Showing 2 changed files with 33 additions and 2 deletions.
diff --git a/torchrec/distributed/embedding_sharding.py b/torchrec/distributed/embedding_sharding.py
@@ -9,6 +9,7 @@
 
 import abc
 import copy
+import uuid
 from collections import defaultdict
 from dataclasses import dataclass
 from typing import Any, Dict, Generic, List, Optional, Tuple, TypeVar, Union
@@ -48,6 +49,7 @@
 torch.fx.wrap("len")
 
 CACHE_LOAD_FACTOR_STR: str = "cache_load_factor"

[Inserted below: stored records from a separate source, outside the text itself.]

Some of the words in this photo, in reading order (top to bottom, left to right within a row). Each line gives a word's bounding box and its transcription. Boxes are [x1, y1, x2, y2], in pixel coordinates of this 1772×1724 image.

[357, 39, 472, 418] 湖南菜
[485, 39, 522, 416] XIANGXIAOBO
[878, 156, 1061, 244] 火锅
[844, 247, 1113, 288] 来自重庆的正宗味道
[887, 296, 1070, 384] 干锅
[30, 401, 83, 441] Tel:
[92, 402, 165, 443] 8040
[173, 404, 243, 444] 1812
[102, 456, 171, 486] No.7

+USE_ONE_TBE_PER_TABLE: str = "use_one_tbe_per_table"
 
 
 # torch.Tensor.to can not be fx symbolic traced as it does not go through __torch_dispatch__ => fx.wrap it
@@ -213,6 +215,10 @@ def _get_grouping_fused_params(
     if CACHE_LOAD_FACTOR_STR in grouping_fused_params:
         del grouping_fused_params[CACHE_LOAD_FACTOR_STR]
 
+    if grouping_fused_params.get(USE_ONE_TBE_PER_TABLE, False):
+        # Replace with unique value to force it into singleton group.

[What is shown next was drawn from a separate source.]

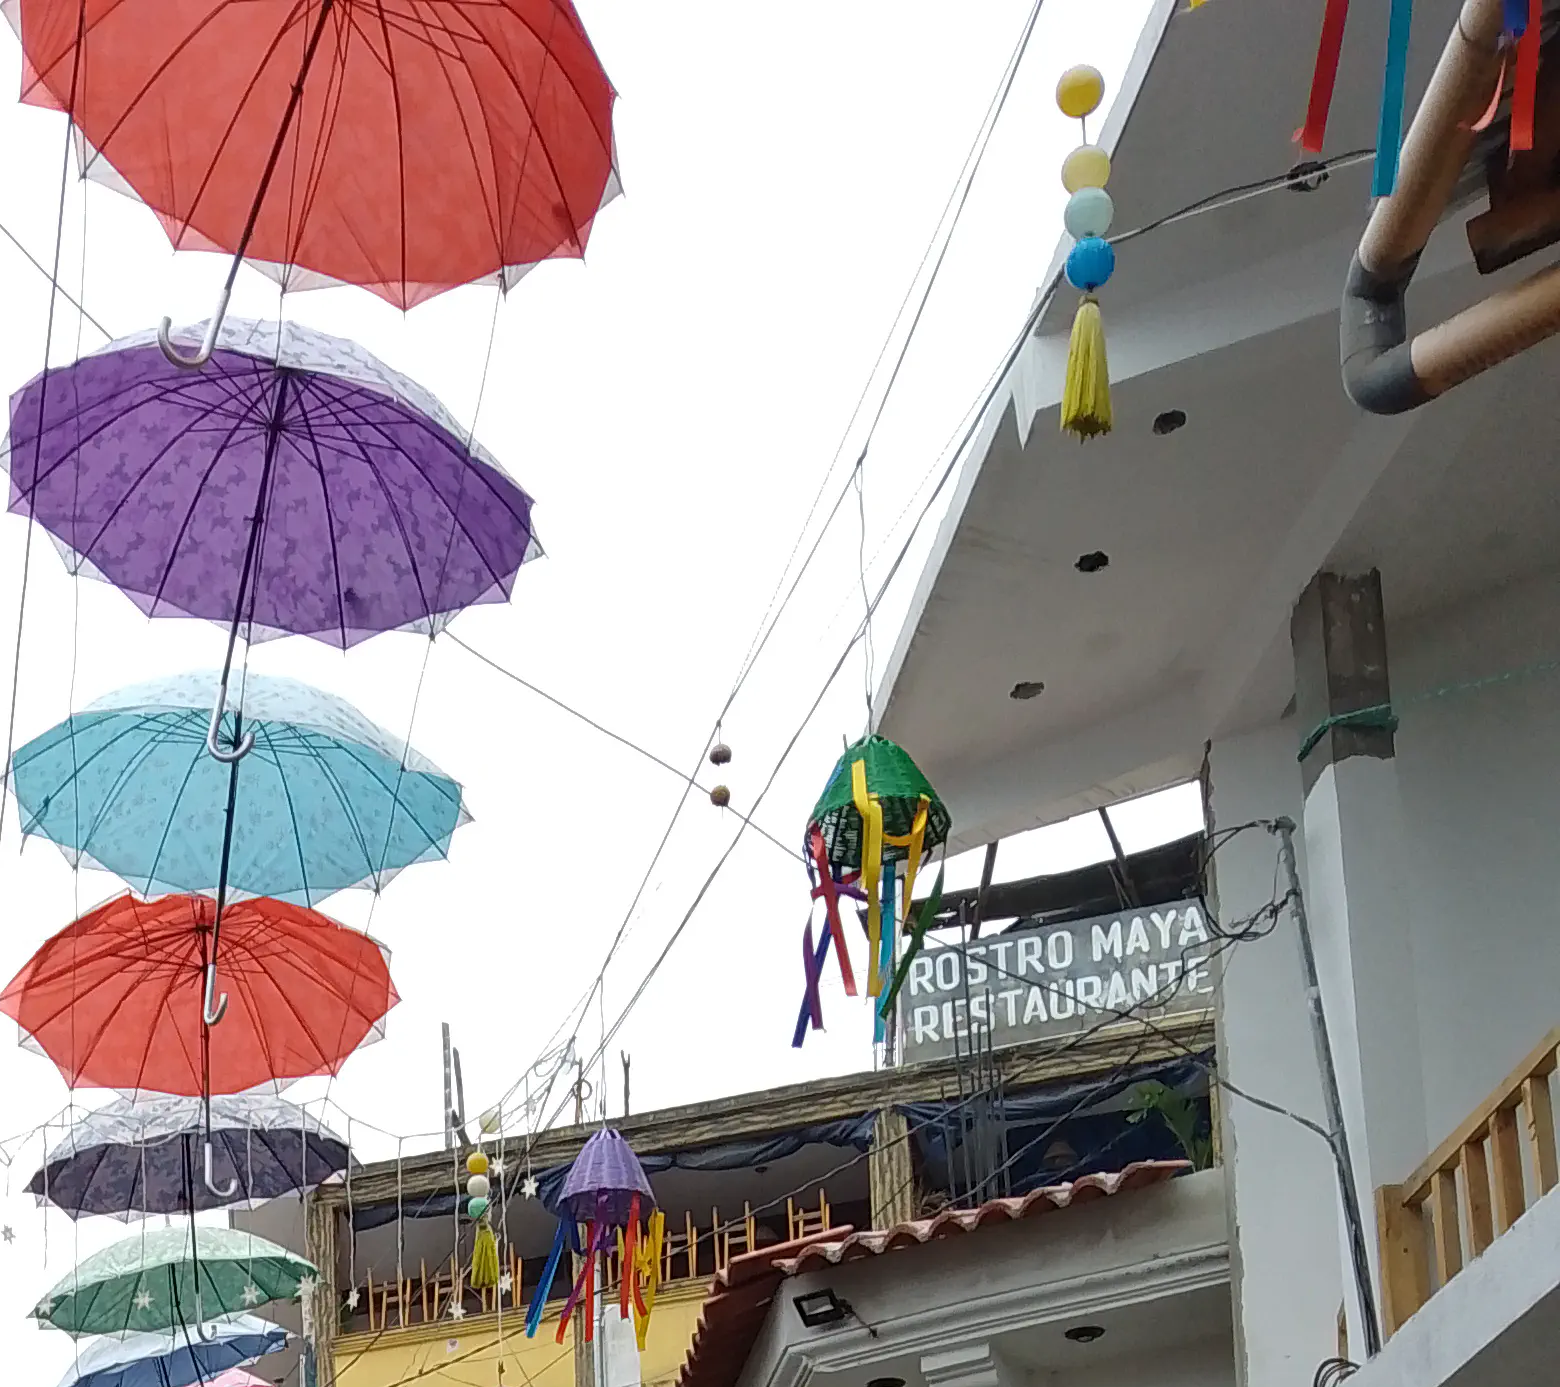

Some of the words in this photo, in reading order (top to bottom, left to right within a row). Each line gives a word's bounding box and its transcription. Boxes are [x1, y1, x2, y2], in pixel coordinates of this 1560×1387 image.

[909, 930, 1073, 996] ROSTRO
[1090, 906, 1209, 963] MAYA
[913, 956, 1215, 1044] RESTAURANTE

+        grouping_fused_params[USE_ONE_TBE_PER_TABLE] = str(uuid.uuid4())
+
     return grouping_fused_params
 
 
@@ -296,11 +302,11 @@ def _group_tables_per_rank(
                 _,
             ) = grouping_key
             grouped_tables = groups[grouping_key]
-
+            # remove non-native fused params
             per_tbe_fused_params = {
                 k: v
                 for k, v in fused_params_tuple
-                if k not in ["_batch_key"]  # drop '_batch_key' not a native fused param
+                if k not in ["_batch_key", USE_ONE_TBE_PER_TABLE]
             }
             cache_load_factor = _get_weighted_avg_cache_load_factor(grouped_tables)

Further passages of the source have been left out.